Gilles de Rieu, l'un des principaux protagonistes de "Faubourg des Minuscules", pourrait d'ailleurs faire penser par certains côtés à bien des figures de la vie culturelle de l'époque, dont Marcel Aymé (auteur de la nouvelle qui inspira "la Traversée de Paris) ou Sacha Guitry, que je ne cite pas par hasard. "Le gris est la couleur dominante", écrit Edouard Bernadac...

Deux livres aussi me sont revenus en mémoire : "Un héros très discret", de Jean-François Deniau, une histoire de mensonge et d'imposture, certes très différente de "Faubourg des Minuscules" dans le fond, mais assez proche dans les thématiques. Et puis, plus près de nous, "les fidélités successives", de Nicolas d'Estienne d'Orves.

J'évoque en particulier ce dernier livre, car une grande partie se déroule au coeur de la vie culturelle sous l'Occupation et c'est également le cas de "Faubourg des Minuscules". "Paris tout entier n'est pas un endroit convenable", écrit encore Edouard Bernadac dans son livre, et c'est exactement ce que montrent ces deux romans, en nous emmenant dans les salons, les restaurants, les théâtres...

Les petits arrangements avec la morale sont légion, mais chacun a de bonnes raisons pour agir ainsi. En tout cas, de son propre point de vue. Et comme le dis si bien la citation que j'ai placée en titre de ce billet, on s'habitue à ces comportements qu'on condamnerait en d'autres circonstances. Surtout lorsqu'ils permettent de mettre du beurre dans les épinards (du vrai beurre, pas un ersatz).

Oh, bien sûr, il y a ceux qui le font pour joindre les deux bouts ou pour vivre un tout petit peu mieux. Mais il y a aussi de véritables profiteurs et ceux qui ont assuré leur train de vie dispendieux, ce qui est certainement plus condamnable, au moins moralement parlant. Juan, lui, va se prendre au jeu, s'étourdir aussi, comme un insecte attiré par une forte lumière.

Il y a d'ailleurs un gouffre entre Juan et les personnages des "Fidélités successives". Le principal protagoniste de "Faubourg des Minuscules" n'est pas un mauvais gars, en tout cas, il évolue à sa façon dans le Paris occupé, mais sans compromission idéologique. Et puis, il y a cet après (qui ne se fera pas à Saint-Germain-des-Prés...) qu'il faudra là aussi affronter.

Juan est un antihéros, ce n'est pas un personnage hors du commun qui se sort de toutes les situations, même les plus critiques, avec facilité et panache. Non, c'est d'abord un témoin des événements (passif, dirons les uns, impuissant, considérerons les autres) avant de devenir, presque sans le faire exprès, un acteur de cette vie parisienne.

Mais, lorsqu'il devient acteur, il sait prendre ses responsabilités, faire des choix, même délicats, même contraires à ce que seraient ses valeurs en temps normal.
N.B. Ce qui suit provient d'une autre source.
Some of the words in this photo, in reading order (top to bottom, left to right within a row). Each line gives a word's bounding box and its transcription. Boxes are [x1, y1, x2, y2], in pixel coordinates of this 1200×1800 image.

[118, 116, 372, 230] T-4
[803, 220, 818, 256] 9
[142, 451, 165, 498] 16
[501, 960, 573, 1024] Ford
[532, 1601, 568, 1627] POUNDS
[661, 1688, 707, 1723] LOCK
Et, s'il refoule ses doutes et ses cas de conscience, ils ne sont jamais bien loin et peuvent rejaillir, comme en témoigne la dernière partie du moment. C'est en cela que Juan est un humain. Qu'il est une âme grise, lui aussi. Comme nous tous.

Un mot pour finir sur l'auteur. Pour être franc, je n'avais pas vraiment prêté attention à lui, comme je peux le faire parfois, jusqu'à ce que je tombe sur une discussion sur les réseaux sociaux qui a fait tilt, alors que je venais de finir "Faubourg des Minuscules". Il y était question de livres touchant au nazisme signé par un certain Bernadac. Pas Edouard, mais Christian Bernadac.
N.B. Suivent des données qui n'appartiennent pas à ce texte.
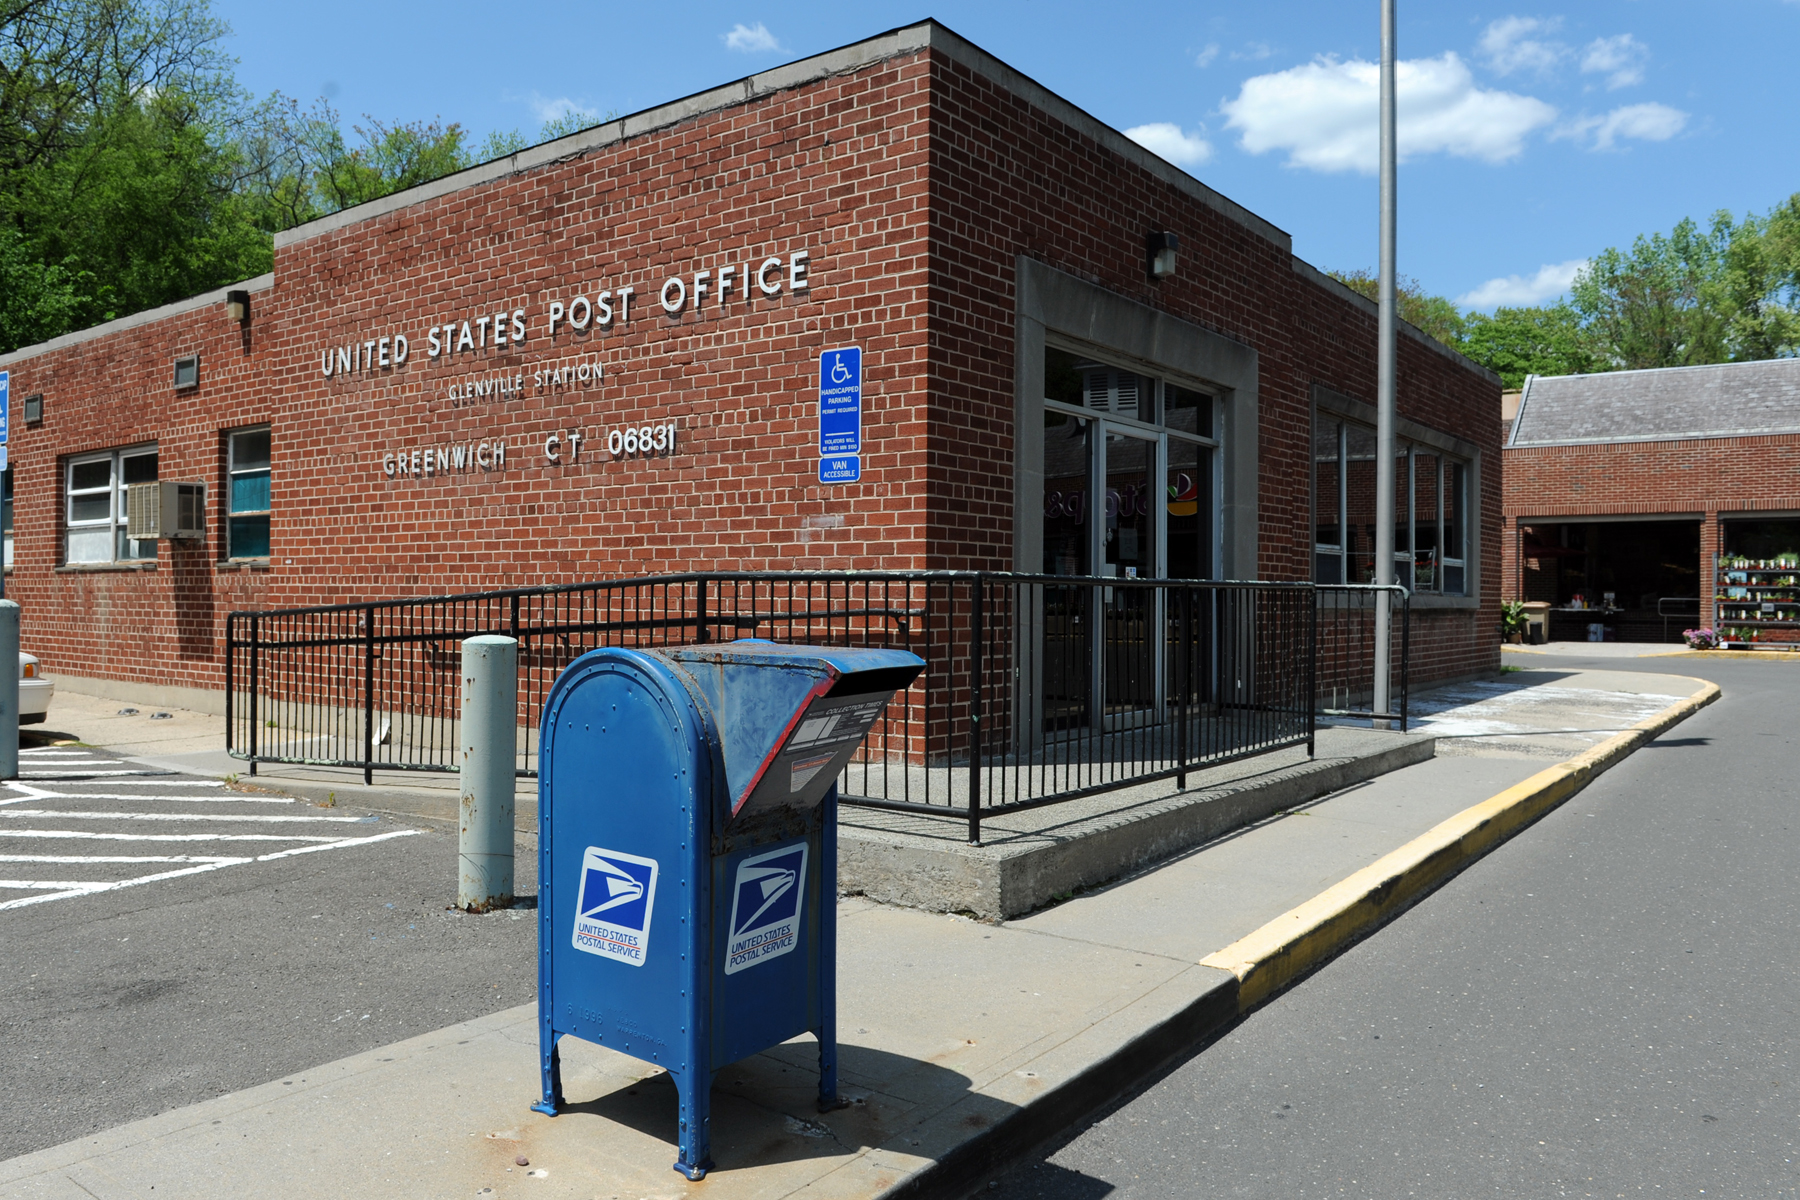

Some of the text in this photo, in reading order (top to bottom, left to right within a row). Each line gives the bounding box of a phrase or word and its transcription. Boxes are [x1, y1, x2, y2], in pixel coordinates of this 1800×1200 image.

Le nom n'est pas si courant, je me suis demandé s'il y avait un lien (affichant des lacunes coupables, je le reconnais volontiers, concernant le travail de Christian Bernadac). Alors, hop, moteur de recherches, le classique processus de l'ère 2.0, et je découvre que Edouard Bernadac est le fils de Christian, journaliste et auteur, donc, d'un travail considérable sur le nazisme, la déportation et la IIe Guerre Mondiale.
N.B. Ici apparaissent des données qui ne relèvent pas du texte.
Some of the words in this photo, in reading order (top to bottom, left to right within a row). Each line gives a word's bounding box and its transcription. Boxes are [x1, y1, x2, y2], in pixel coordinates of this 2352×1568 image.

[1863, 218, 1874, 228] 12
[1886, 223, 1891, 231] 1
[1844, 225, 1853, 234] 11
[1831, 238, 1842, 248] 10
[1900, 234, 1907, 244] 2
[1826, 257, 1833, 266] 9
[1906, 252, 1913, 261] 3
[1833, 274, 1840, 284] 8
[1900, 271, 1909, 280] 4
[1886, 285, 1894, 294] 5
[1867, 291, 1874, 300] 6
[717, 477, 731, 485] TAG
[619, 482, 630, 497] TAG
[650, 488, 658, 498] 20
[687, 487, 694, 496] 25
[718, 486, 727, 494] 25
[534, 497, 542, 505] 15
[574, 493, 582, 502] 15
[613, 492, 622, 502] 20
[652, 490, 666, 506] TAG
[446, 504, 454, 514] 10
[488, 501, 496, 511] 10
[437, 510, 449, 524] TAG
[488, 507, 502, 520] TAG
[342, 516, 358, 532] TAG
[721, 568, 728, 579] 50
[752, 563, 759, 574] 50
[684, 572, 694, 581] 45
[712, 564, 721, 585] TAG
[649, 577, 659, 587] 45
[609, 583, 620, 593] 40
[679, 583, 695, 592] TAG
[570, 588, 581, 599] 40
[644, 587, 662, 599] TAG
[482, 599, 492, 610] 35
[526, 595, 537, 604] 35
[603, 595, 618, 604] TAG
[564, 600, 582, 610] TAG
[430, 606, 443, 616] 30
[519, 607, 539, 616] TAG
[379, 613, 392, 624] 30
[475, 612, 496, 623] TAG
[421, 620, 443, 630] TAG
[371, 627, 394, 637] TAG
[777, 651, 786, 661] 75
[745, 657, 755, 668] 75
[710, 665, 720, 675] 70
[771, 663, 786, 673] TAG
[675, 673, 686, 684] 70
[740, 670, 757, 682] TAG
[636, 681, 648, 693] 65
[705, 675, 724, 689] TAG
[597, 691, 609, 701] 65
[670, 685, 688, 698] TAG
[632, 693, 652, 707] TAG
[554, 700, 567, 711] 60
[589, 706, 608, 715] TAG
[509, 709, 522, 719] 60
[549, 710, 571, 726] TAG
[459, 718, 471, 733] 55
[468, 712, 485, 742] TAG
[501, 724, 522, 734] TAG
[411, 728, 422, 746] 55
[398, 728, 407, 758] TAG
Mais, ne nous arrêtons pas là : Christian était lui-même le fils de Robert Bernadac, policier et résistant, lui-même déporté après avoir été dénoncé... On comprend donc mieux l'intérêt que peut porter Edouard Bernadac à cette période, même s'il a attendu ce roman, son quatrième, pour s'y frotter et mettre en scène, je le redis, des antihéros.

Je parle de roman, parce que dans les faits, c'en est un. Et pourtant, ce que nous raconte Edouard Bernadac, c'est une vraie pièce de théâtre dont le Paris de l'Occupation est le décor. Un mot apparaît en quatrième de couverture qui m'est également venu à l'esprit en lisant "Faubourg des Minsucules" : c'est un vaudeville.

Oui, ça peut surprendre, mais il y a, d'une certaine manière, les mêmes ressorts avec des quiproquos et des portes qui claquent, des révélations et des mensonges. Ce n'est pas une comédie, bien sûr, en tout cas, pas dans le sens où cela doit faire rire le lecteur. Mais, c'est bien une comédie, si l'on considère que chaque personnage y joue un rôle et n'y apparaît pas tel qu'il est en vérité.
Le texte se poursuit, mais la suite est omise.